Todd Haynes’s Safe remains a vital picture in so many ways. Emerging from the new “queer cinema”, Haynes here secured a spot on the extreme, outer wing of the mainstream and pointed towards an interesting weirding of American cinema that we will discuss more when we get to 1999. The picture is also significant in its determination to encapsulate a class of pre-millennial tension that was beginning to fug up the atmosphere with conspiracies and paranoia (this was the era of the X-Files remember). It’s a nervy, nervy watch.

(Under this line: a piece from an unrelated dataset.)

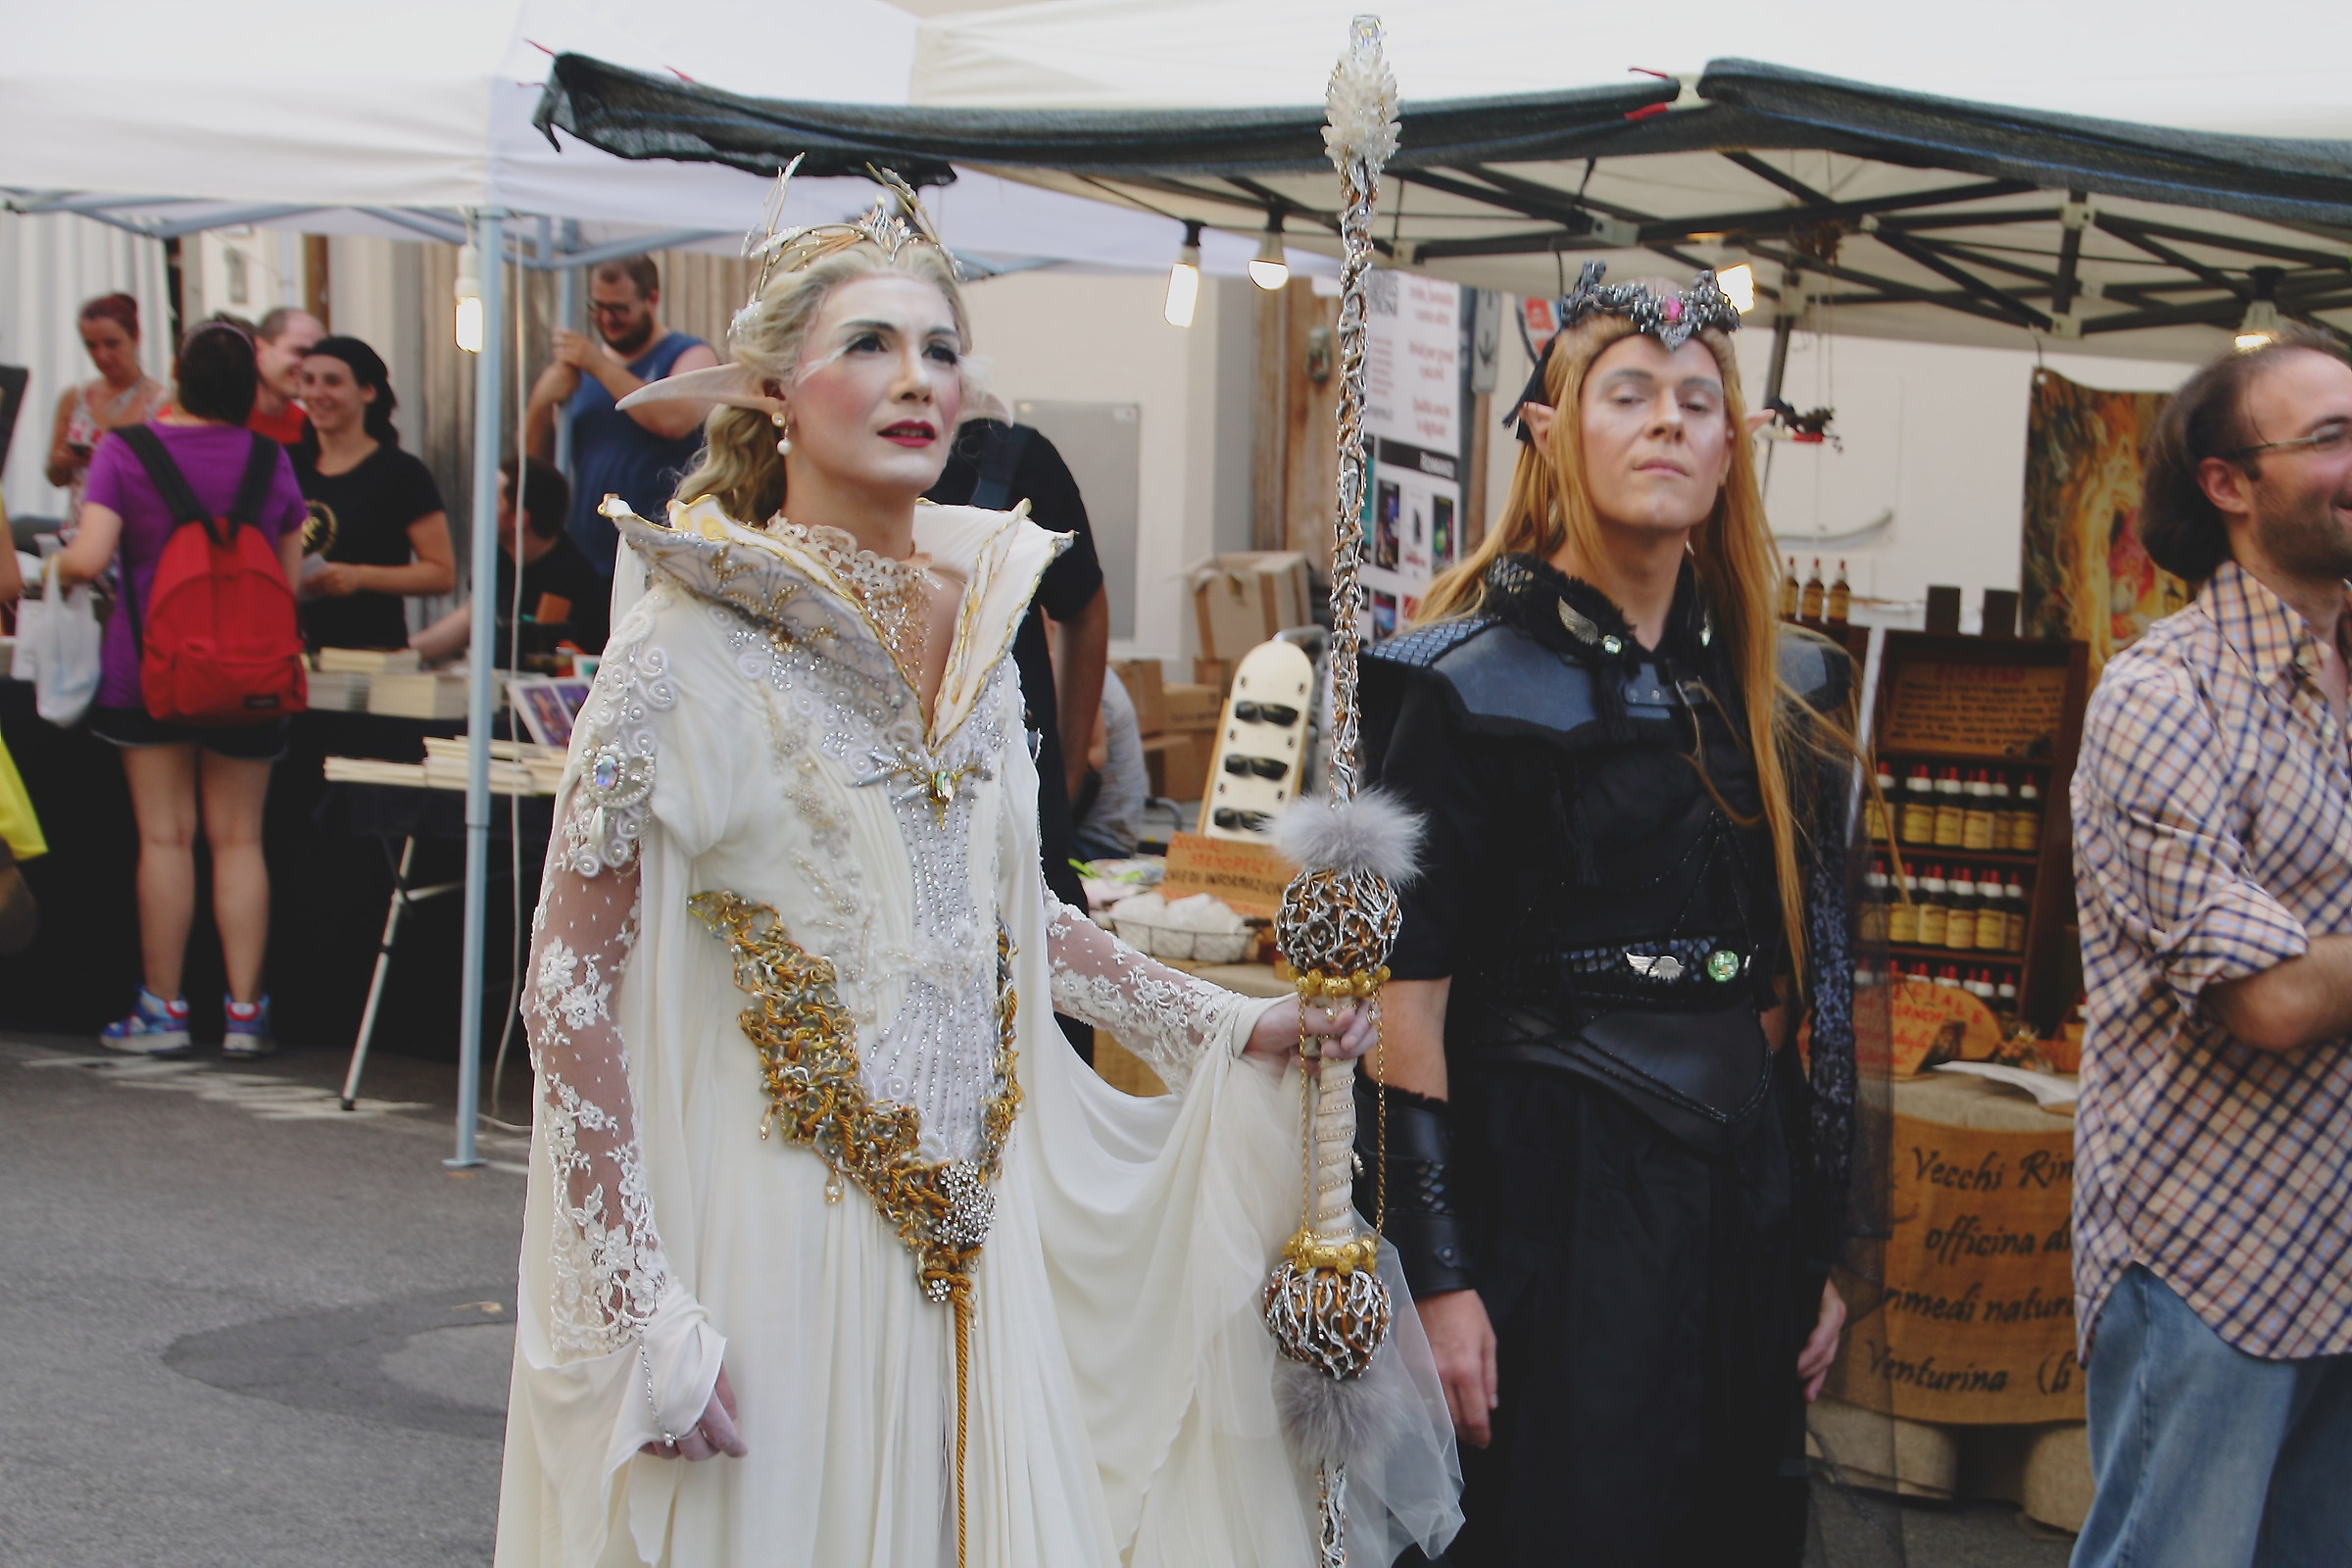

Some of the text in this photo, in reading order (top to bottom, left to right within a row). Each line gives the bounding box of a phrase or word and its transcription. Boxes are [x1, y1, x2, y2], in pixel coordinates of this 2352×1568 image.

[1203, 871, 1284, 896] INFORMAZION
[1912, 1146, 2006, 1193] Vecchi
[1924, 1215, 2035, 1266] officina

Julianne Moore stars as a suburban housewife who becomes allergic (or believes herself to have become allergic) to the very substance of modern life. Her longing for escape eventually leads her to New-Age bullshit that carries its own more insidious poisons. An endlessly amiable Californian intellectual, Todd Haynes is a most unlikely class of provocateur. Yet, by 1995, that is what he had become. His extraordinary 1987 film Superstar, re-enacting the life of Karen Carpenter through Barbie dolls, is among the most misunderstood movies of all time. Poison from 1991 — a nod towards the transgressive world of Jean Genet — ended up triggering one of those tedious fights with the National Endowment for the Arts that were so common in the US at that time.

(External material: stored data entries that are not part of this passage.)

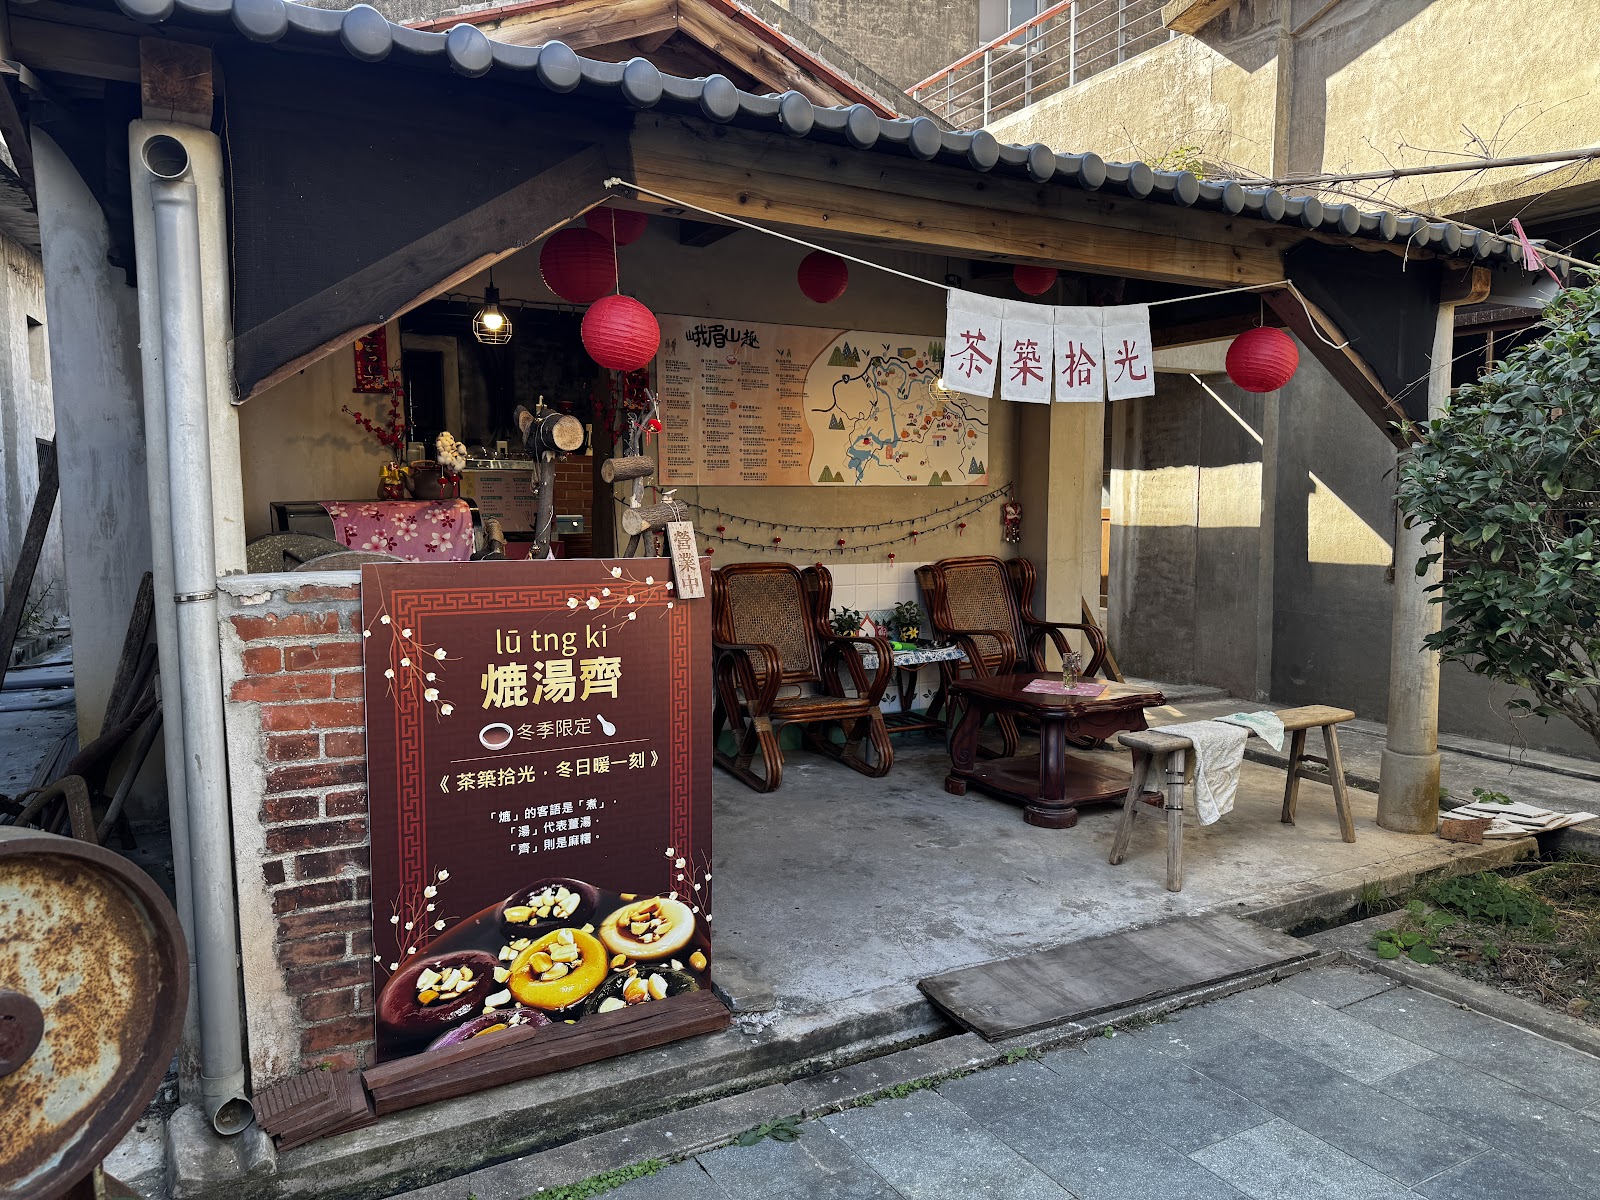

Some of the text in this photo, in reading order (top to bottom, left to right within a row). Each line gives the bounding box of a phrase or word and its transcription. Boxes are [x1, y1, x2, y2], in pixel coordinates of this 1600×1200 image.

[685, 323, 761, 349] 峨眉山趣
[950, 328, 1147, 388] 茶築拾光
[673, 530, 699, 595] 營業中
[496, 624, 608, 656] lū tng ki
[480, 656, 622, 710] 熝湯齊
[516, 717, 592, 741] 冬季限定

After all that, Safe sounds a little, well, safe. There is little to explicitly trouble moral bellowers. But the film is impressively sickened with conformity and appalled at the hypocrisy of everyday life. Those were important themes in Superstar and (perhaps, Haynes’s greatest film) 2002′s Far From Heaven. His TV adaptation of James M Cain’s Mildred Pierce also dallied in this territory. You sense Haynes running his finger underneath the worksurfaces of drab American homes and detecting the filth underneath. Like the works of Cronenberg, Safe is a a horror film with more intellectual depths than 90 percent of the middle-brow pap that Oscar voters regard as properly respectable.
With this picture, Julianne Moore — transcendent in Far From Heaven — made it clear that, after starting her career in soap opera, she was not going to be vacating the big screen anytime soon. She has gone on to become one of the most reliable actresses in the business (though you would be as well to stay away from her mainstream flicks).
Haynes has, since then, only made one serious misstep. The least said about Velvet Goldmine the soonest mended. The Sirkian Far from Heaven was near-perfect. I’m Not There, his tricky Bob Dylan film, was a delight. At present, he’s working on an adaptation of Patricia Highsmith’s Carol with Cate Blanchett and Rooney Mara. Hurry up, mate. We need you.